Stored data entries:
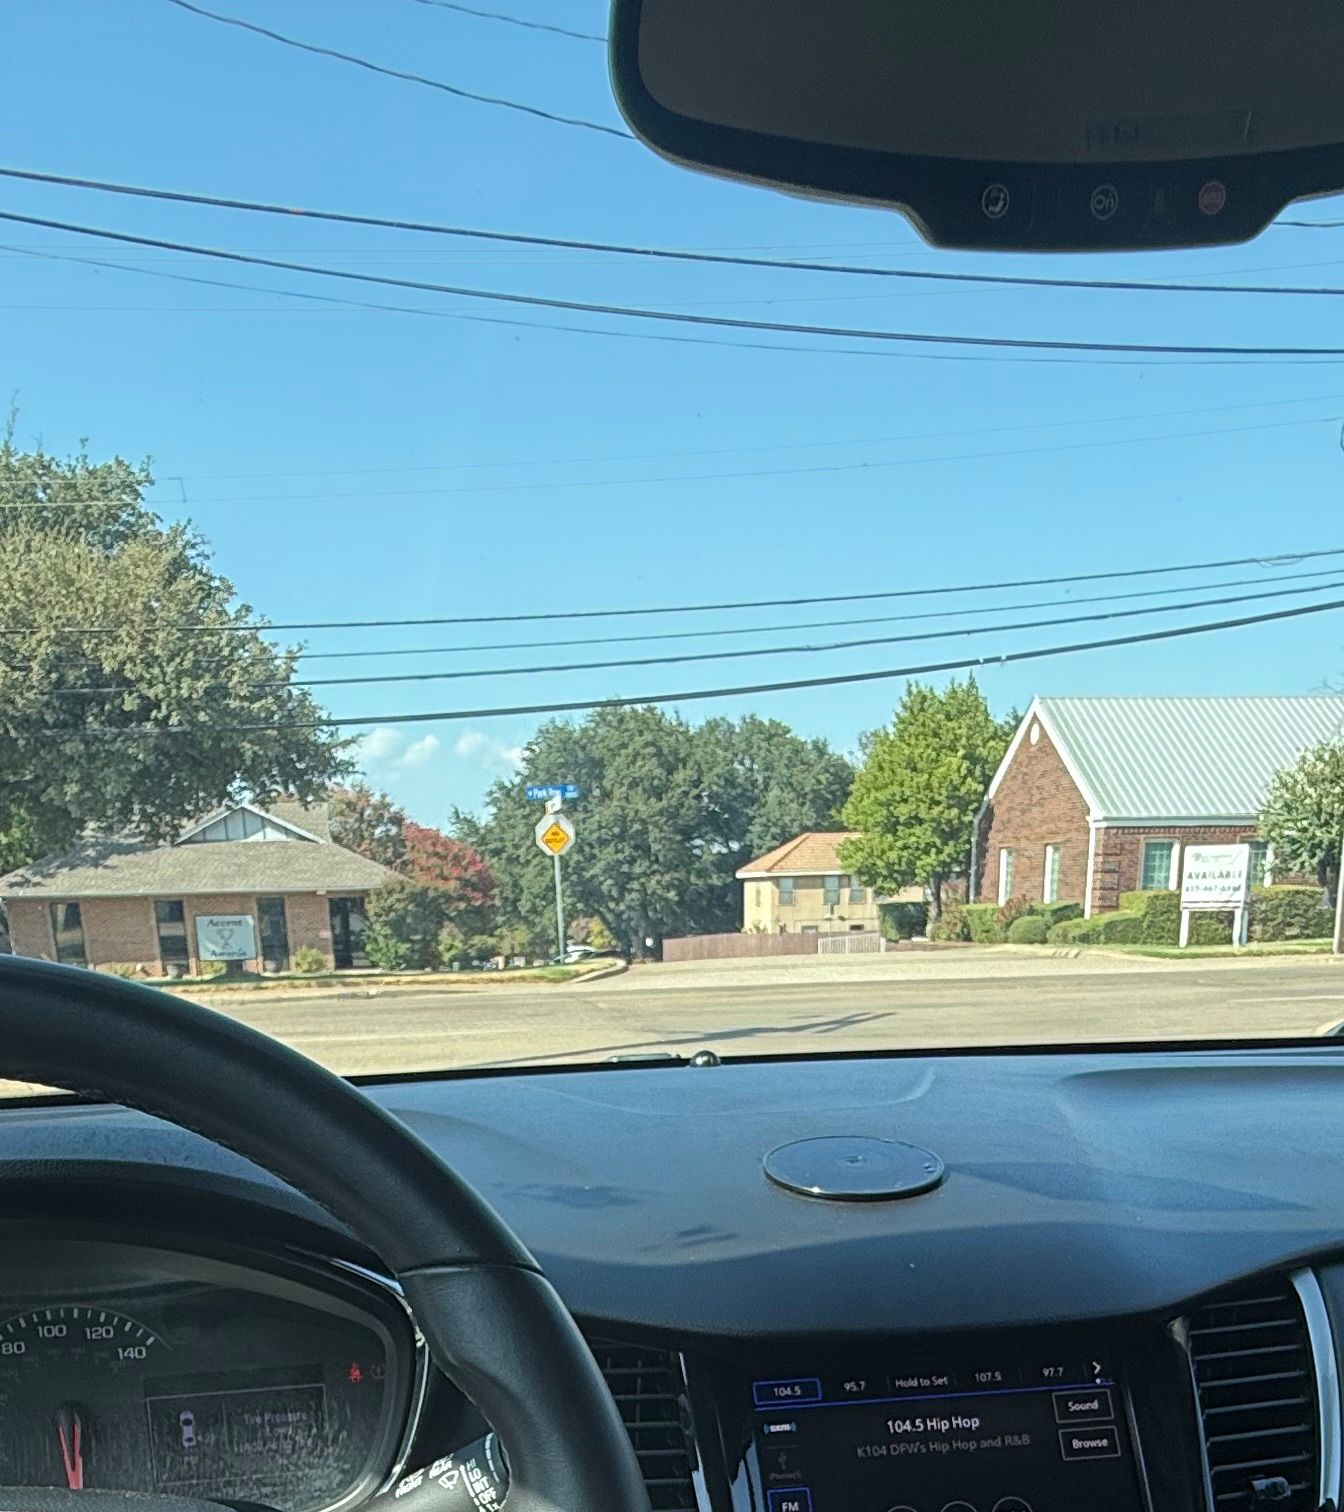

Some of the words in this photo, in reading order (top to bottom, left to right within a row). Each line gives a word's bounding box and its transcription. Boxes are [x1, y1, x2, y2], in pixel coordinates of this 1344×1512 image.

[37, 1324, 67, 1338] 100
[85, 1325, 114, 1339] 120
[1, 1341, 26, 1355] 80
[117, 1346, 146, 1360] 140
[974, 1371, 1003, 1384] 107.5
[1043, 1366, 1065, 1378] 97.7
[843, 1379, 867, 1393] 95.7
[895, 1377, 918, 1389] Hold
[920, 1377, 931, 1388] to
[932, 1376, 949, 1387] Set
[772, 1385, 802, 1398] 104.5
[1067, 1399, 1100, 1413] Sound
[887, 1418, 924, 1435] 104.5
[926, 1417, 950, 1434] Hip
[951, 1415, 980, 1433] Hop
[856, 1444, 888, 1458] K104
[889, 1441, 926, 1457] DFW's
[929, 1439, 950, 1455] Hip
[952, 1438, 978, 1454] Hop
[979, 1436, 1002, 1450] and
[1004, 1433, 1031, 1447] R&B
[1071, 1436, 1109, 1450] Browse
[781, 1501, 800, 1512] FM
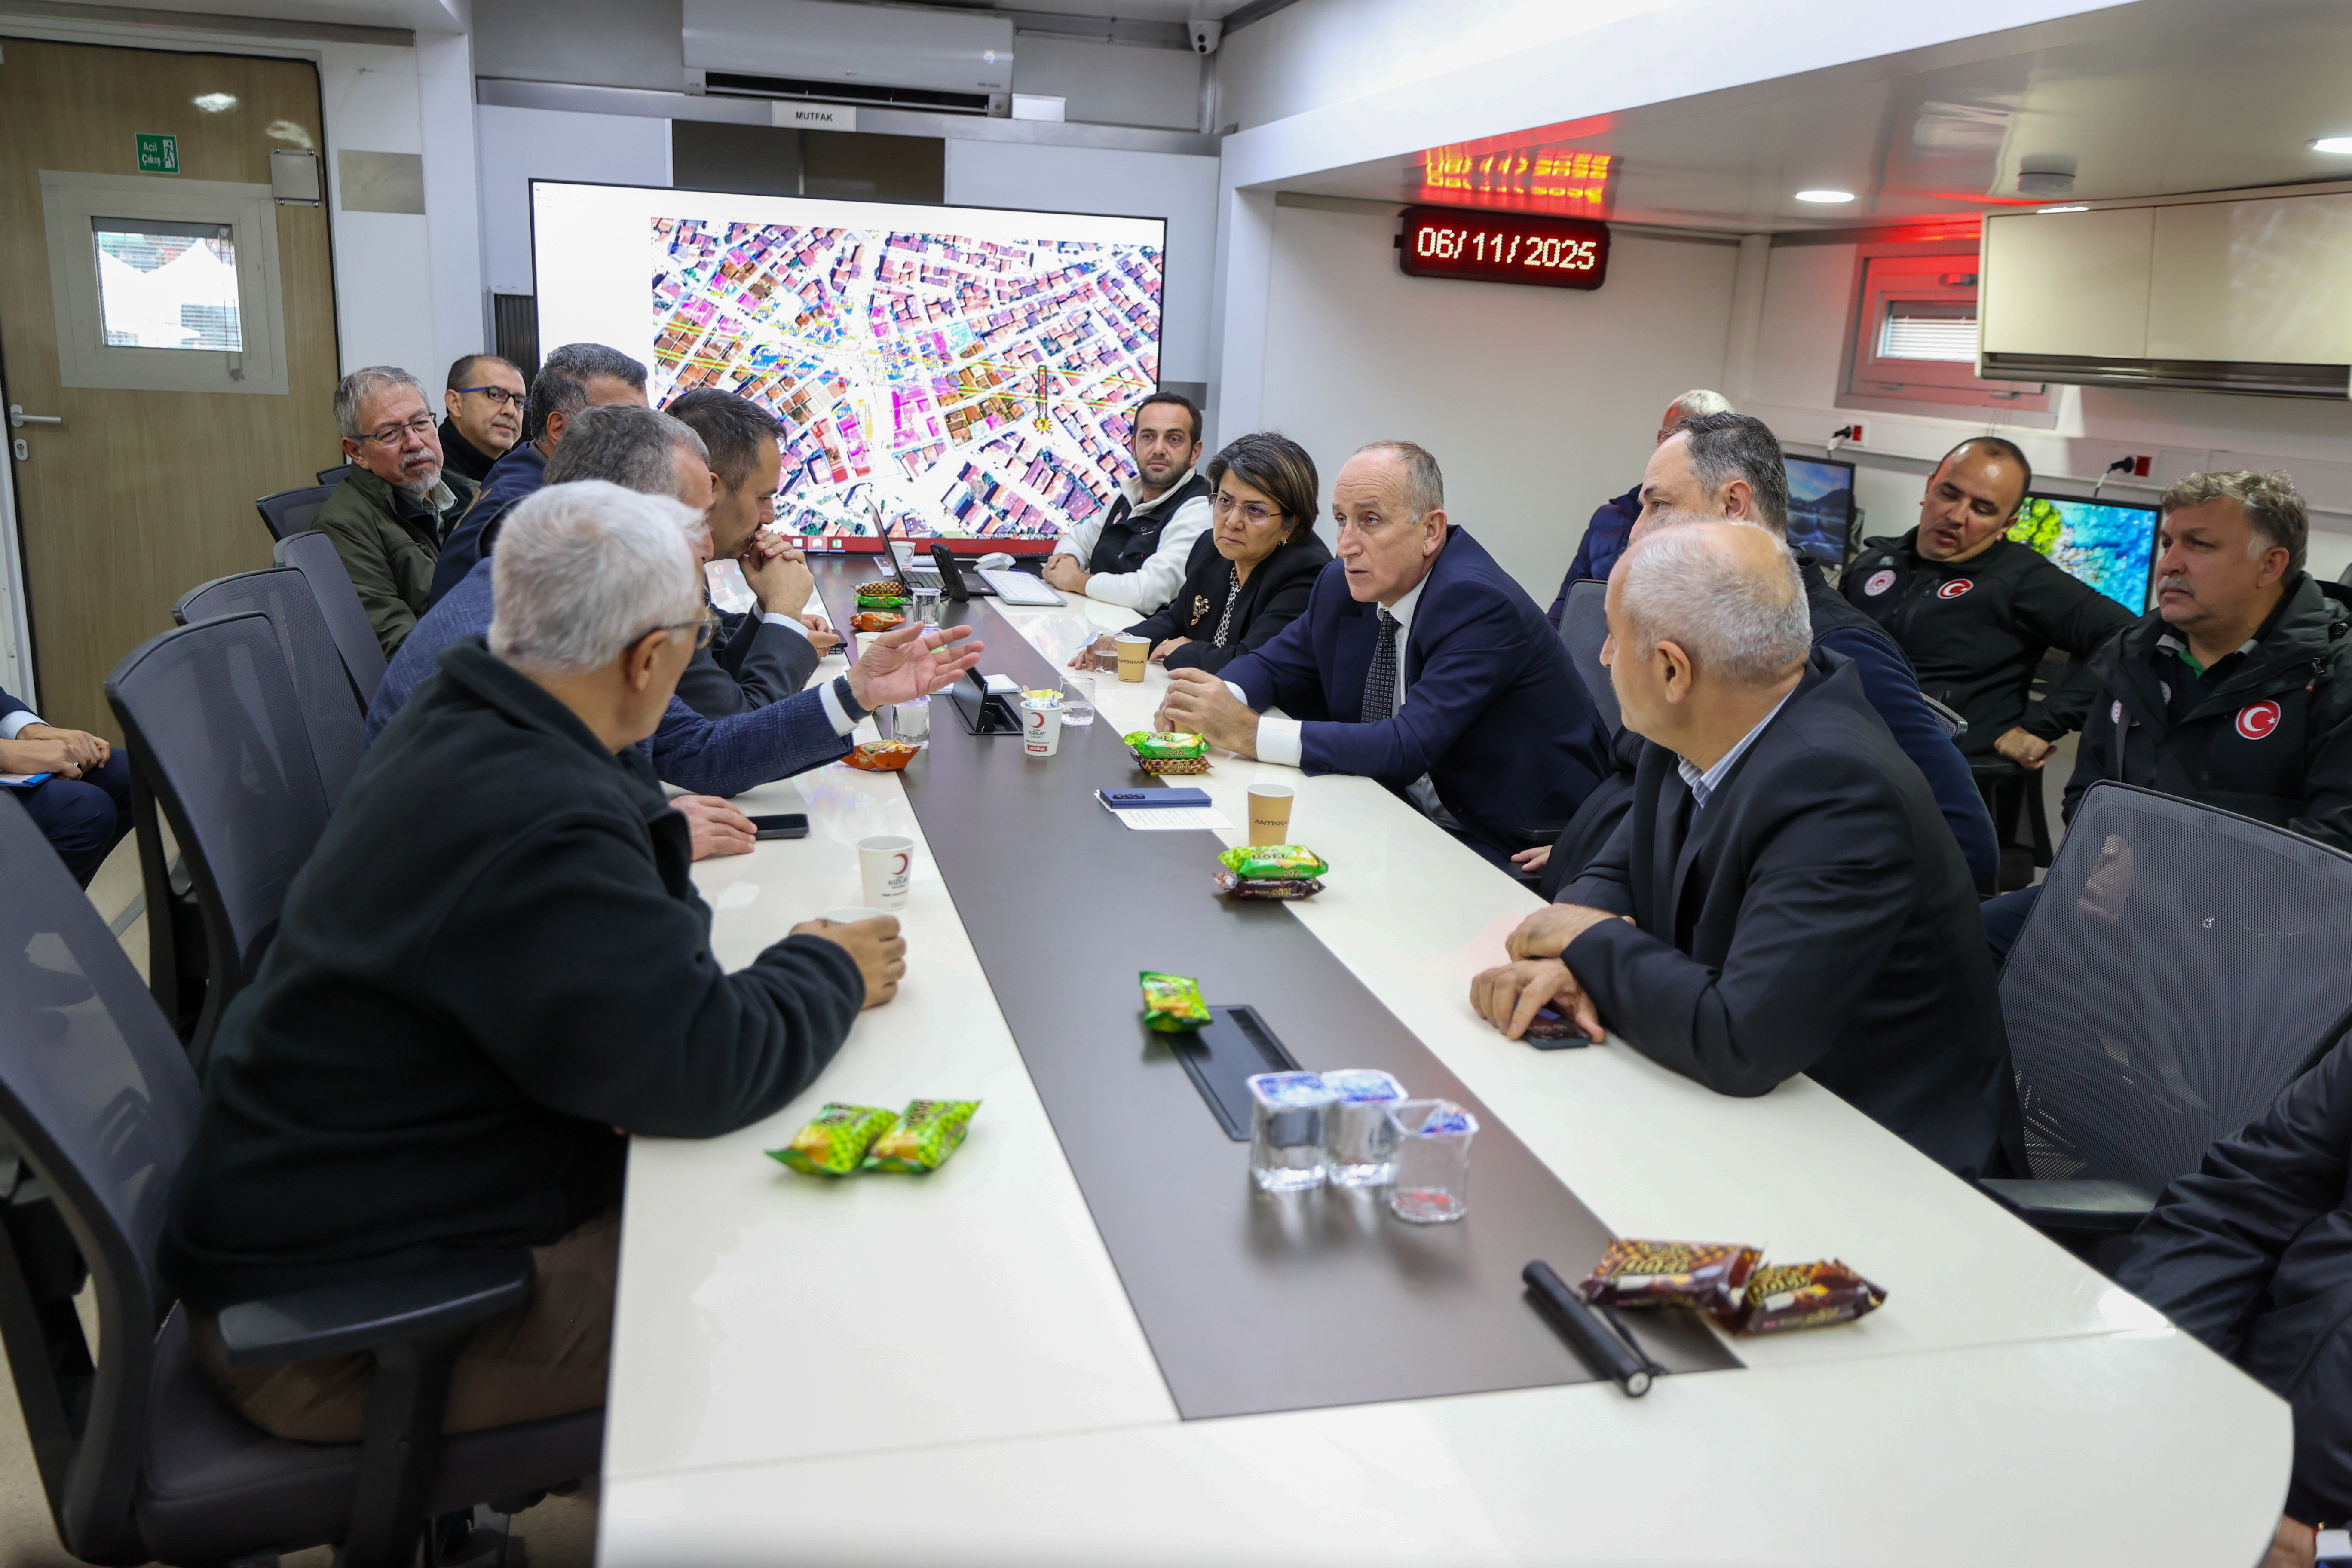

HOW TO COMPLETE THIS TASK. Return every line of the records exactly as given, pictures excluded.

SOLUTION TO THIS TASK.
Some of the words in this photo, in reading order (top to bottom, left to right within a row). Each line gives a word's bounding box and its transcription. Boxes are [x1, y1, x2, y2], in pixel coordinates of this 1344×1512 image.

[37, 1324, 67, 1338] 100
[85, 1325, 114, 1339] 120
[1, 1341, 26, 1355] 80
[117, 1346, 146, 1360] 140
[974, 1371, 1003, 1384] 107.5
[1043, 1366, 1065, 1378] 97.7
[843, 1379, 867, 1393] 95.7
[895, 1377, 918, 1389] Hold
[920, 1377, 931, 1388] to
[932, 1376, 949, 1387] Set
[772, 1385, 802, 1398] 104.5
[1067, 1399, 1100, 1413] Sound
[887, 1418, 924, 1435] 104.5
[926, 1417, 950, 1434] Hip
[951, 1415, 980, 1433] Hop
[856, 1444, 888, 1458] K104
[889, 1441, 926, 1457] DFW's
[929, 1439, 950, 1455] Hip
[952, 1438, 978, 1454] Hop
[979, 1436, 1002, 1450] and
[1004, 1433, 1031, 1447] R&B
[1071, 1436, 1109, 1450] Browse
[781, 1501, 800, 1512] FM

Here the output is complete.